→ **About this task**
Could you transcribe the entries below exactly, starting at the line that contains "this 1350×1688 image." and stopping at the last line, without any pictures?

(Records to process)

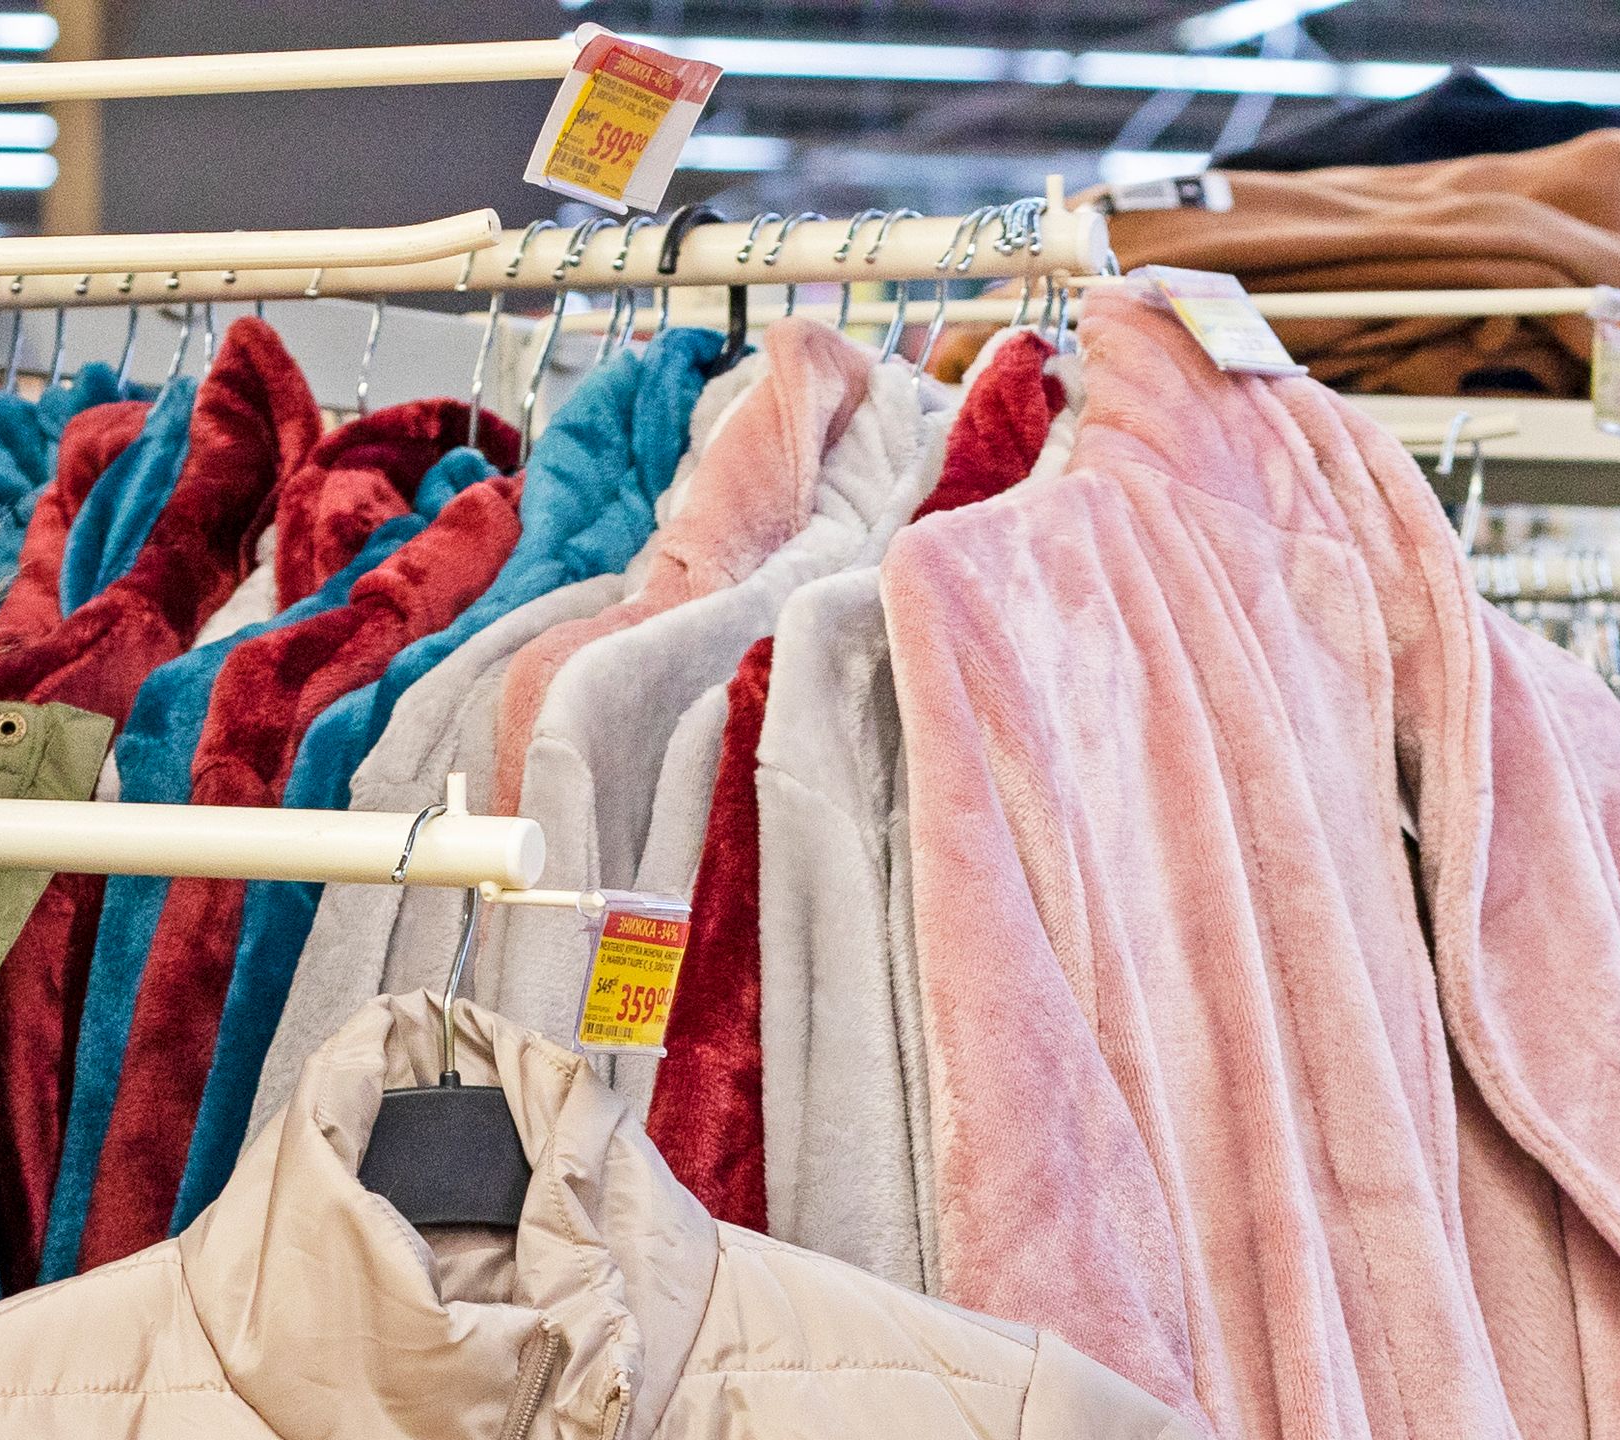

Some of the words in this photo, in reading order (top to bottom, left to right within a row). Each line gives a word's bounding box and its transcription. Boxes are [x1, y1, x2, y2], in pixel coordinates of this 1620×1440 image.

[587, 121, 632, 165] 599
[617, 916, 657, 938] ЗНИЖКА
[616, 983, 657, 1024] 359
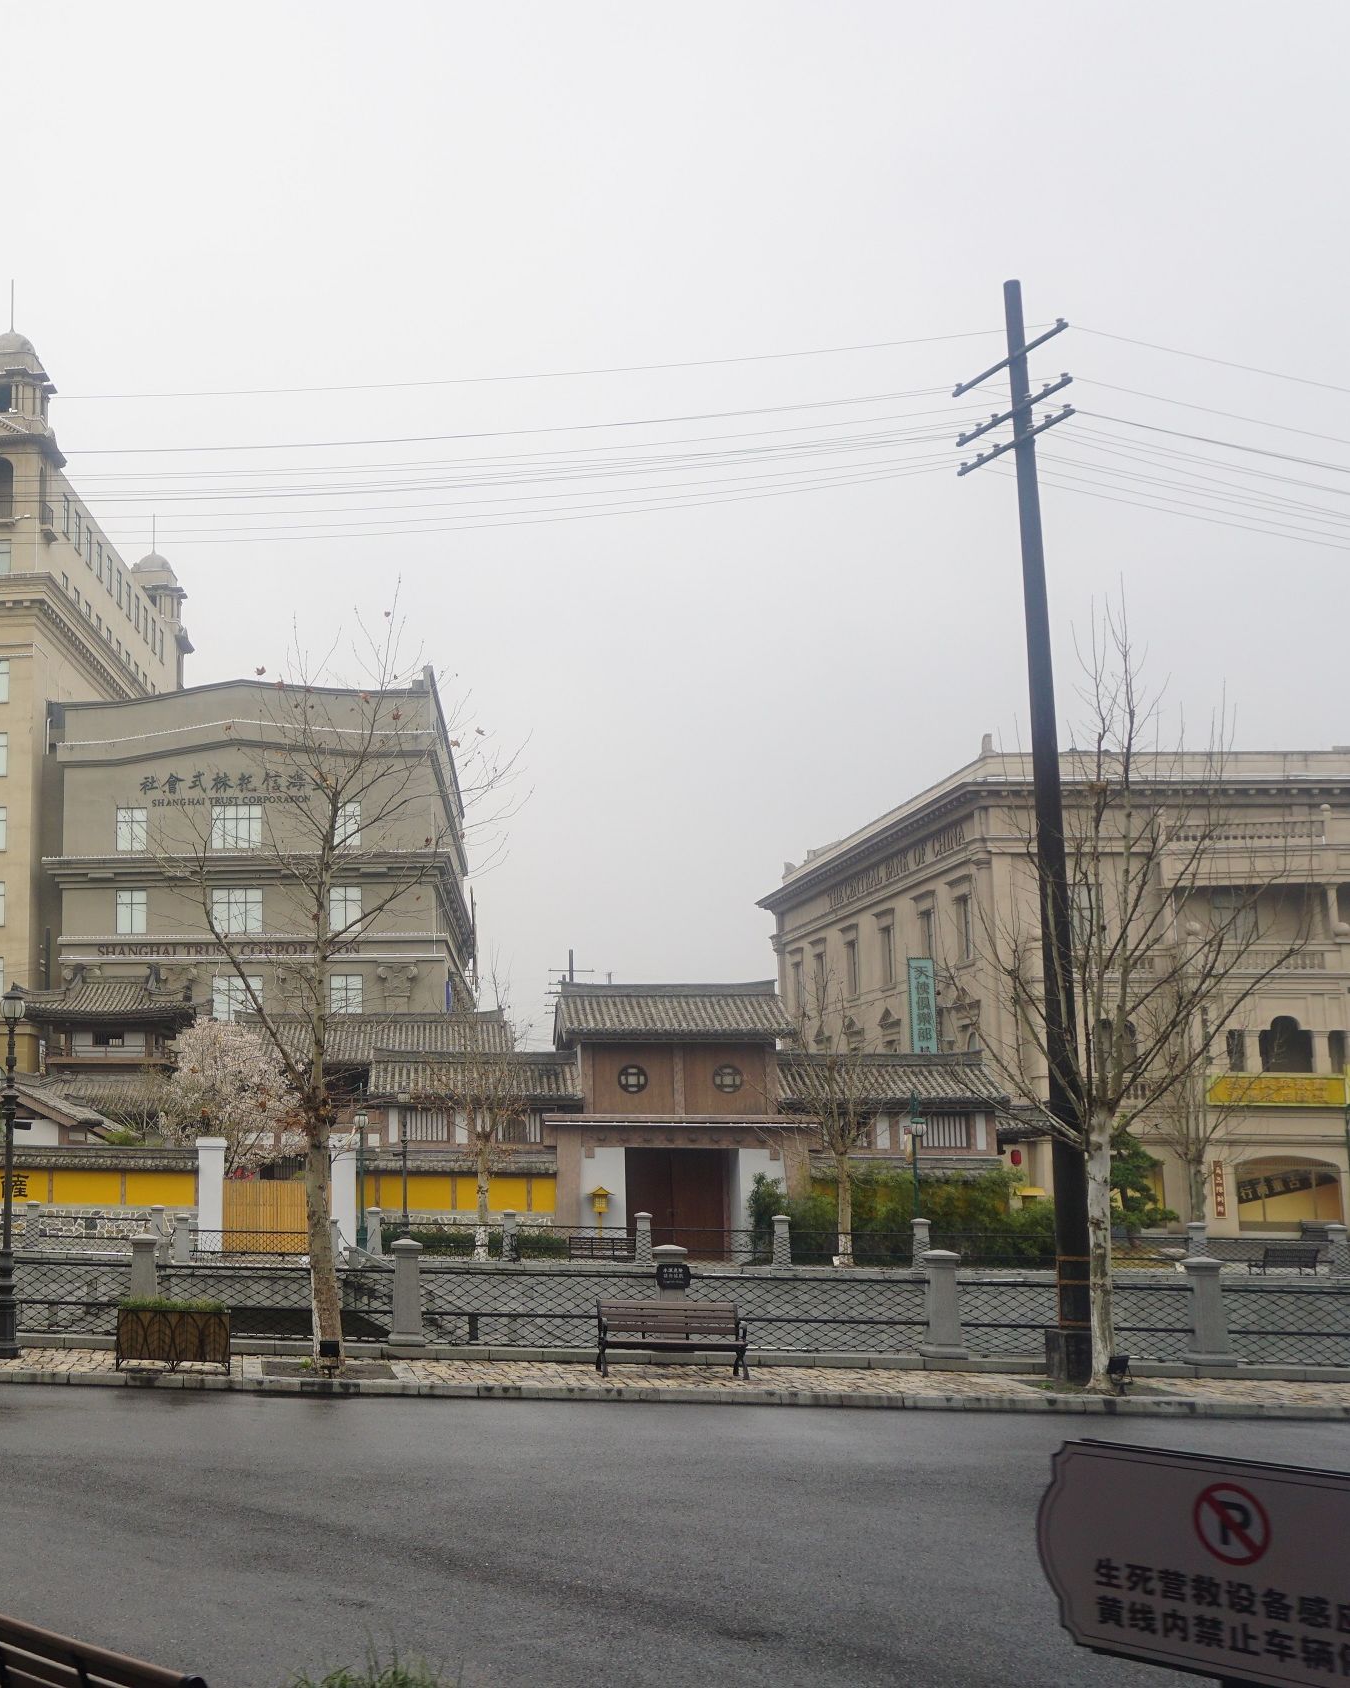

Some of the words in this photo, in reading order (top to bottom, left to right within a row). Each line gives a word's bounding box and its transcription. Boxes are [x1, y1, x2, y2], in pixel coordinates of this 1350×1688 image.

[152, 797, 205, 807] SHANGHAI
[209, 796, 240, 806] TRUST
[97, 943, 178, 957] SHANGHAI
[184, 944, 234, 957] TRUST
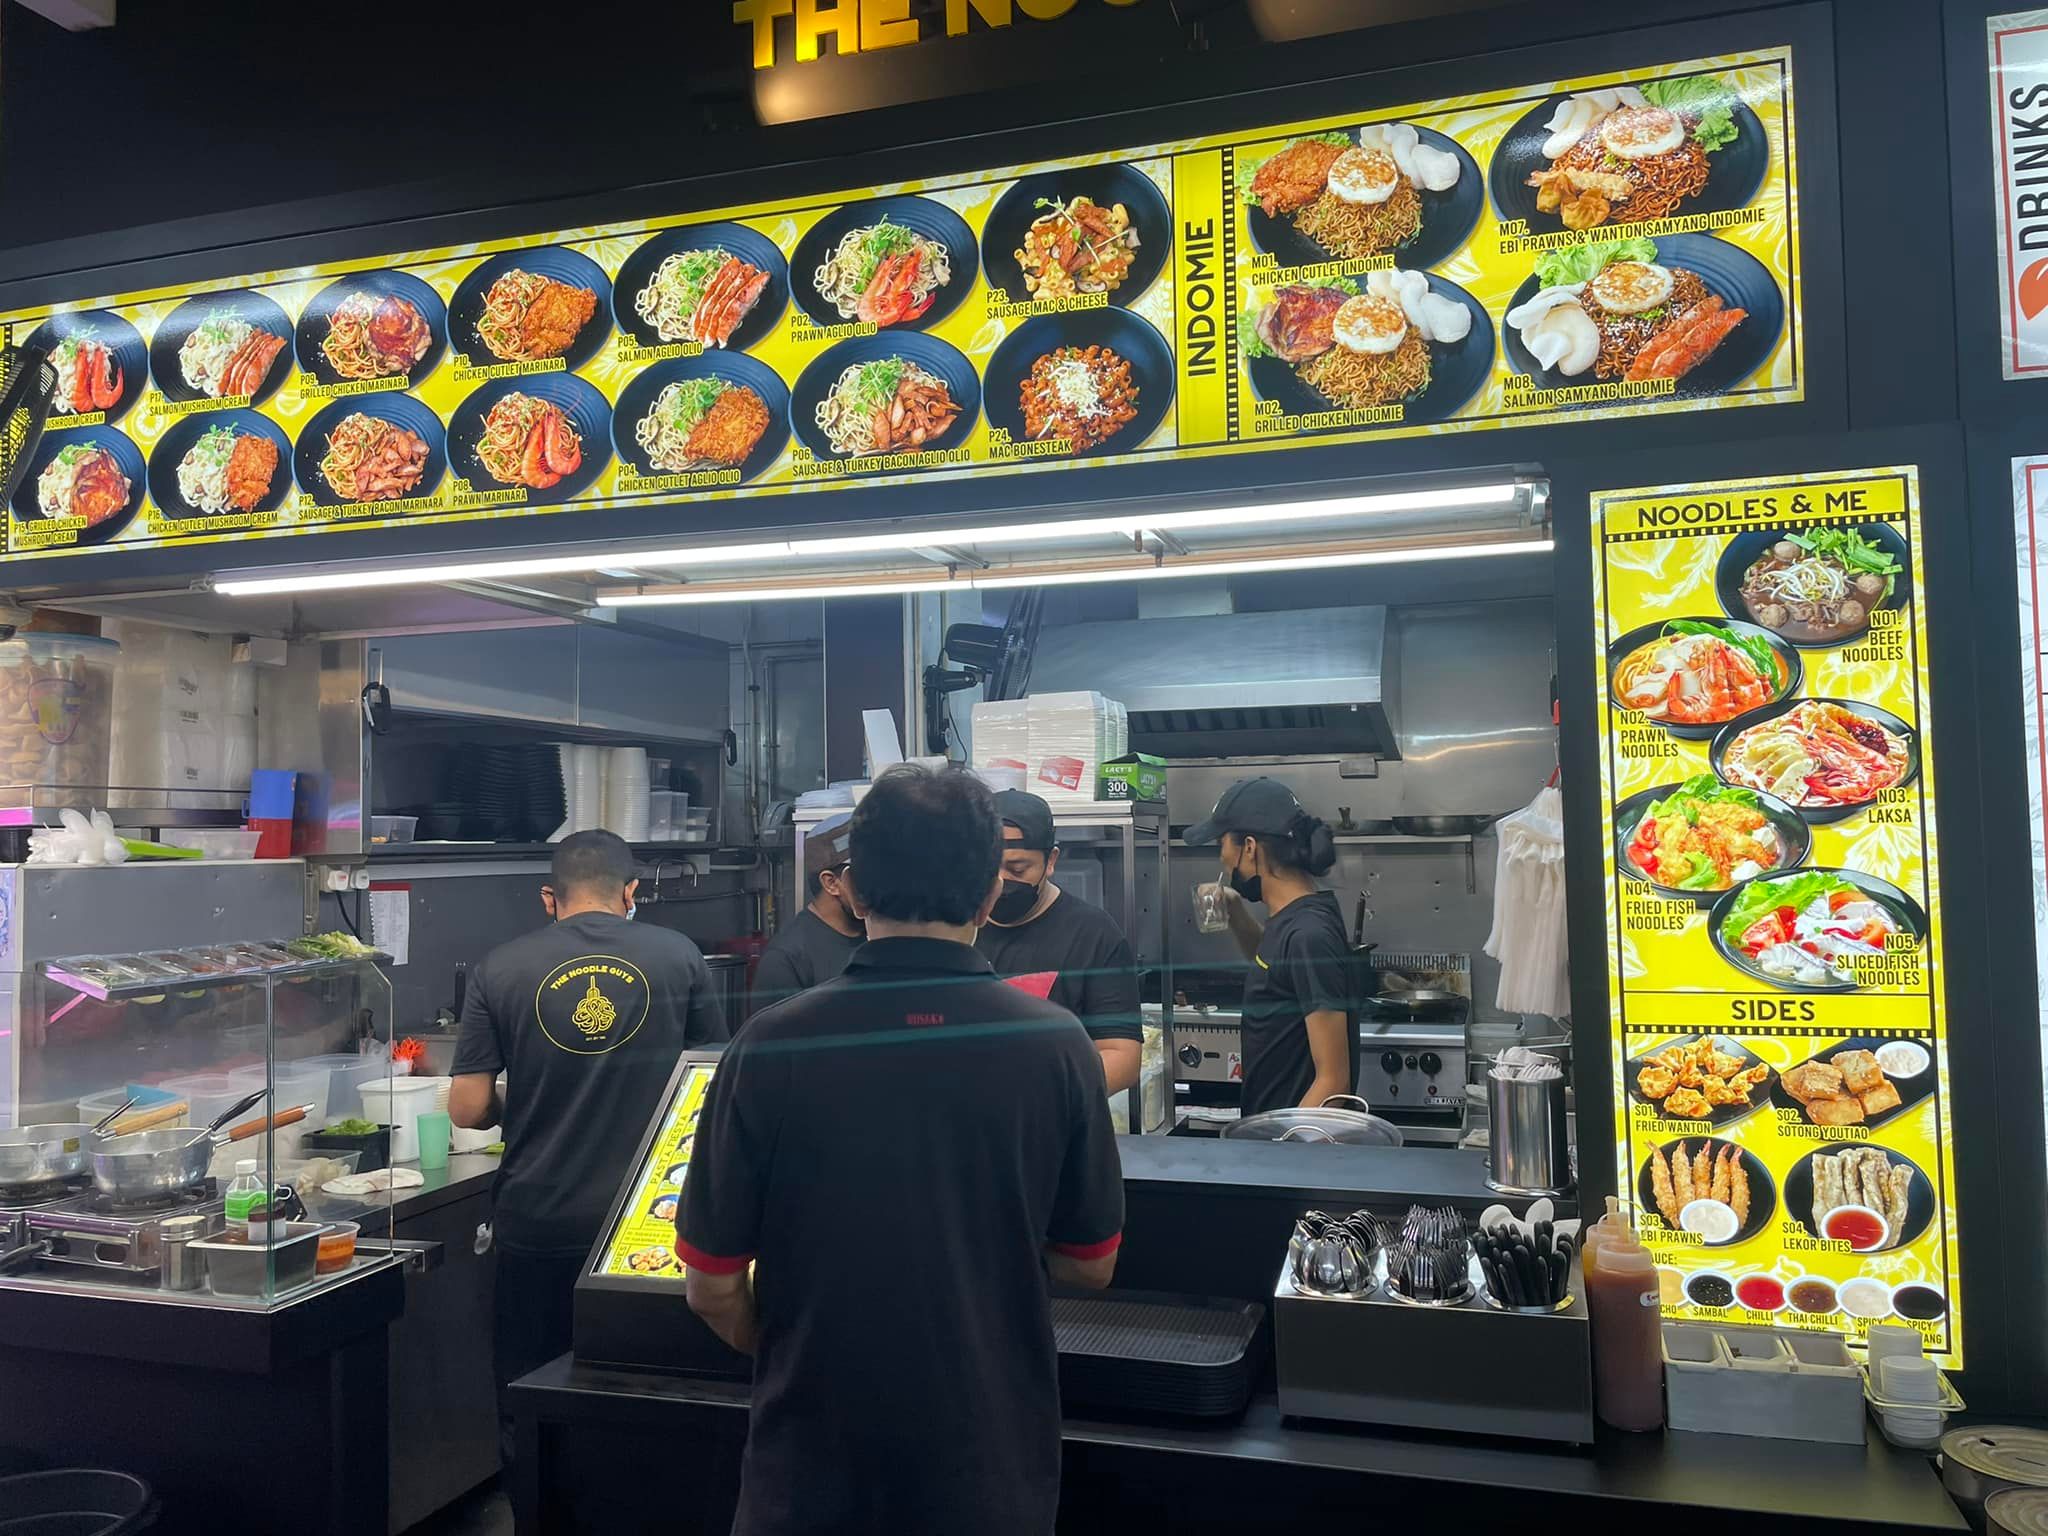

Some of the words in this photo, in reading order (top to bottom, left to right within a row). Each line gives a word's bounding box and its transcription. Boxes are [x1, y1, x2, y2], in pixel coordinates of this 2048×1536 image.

(End Records to process)

→ **Output for this exercise**
Some of the words in this photo, in reading order (top to bottom, left to right within a row). Each line gives a word's bounding box and its transcription. Boxes are [x1, y1, x2, y2], in pixel coordinates of this 1350×1688 image.

[152, 797, 205, 807] SHANGHAI
[209, 796, 240, 806] TRUST
[97, 943, 178, 957] SHANGHAI
[184, 944, 234, 957] TRUST

Some of the words in this photo, in reading order (top to bottom, left to right within a row). Each line gives a word's bounding box and its transcription. Boxes are [x1, y1, x2, y2], in pixel coordinates of this 2048×1536 image.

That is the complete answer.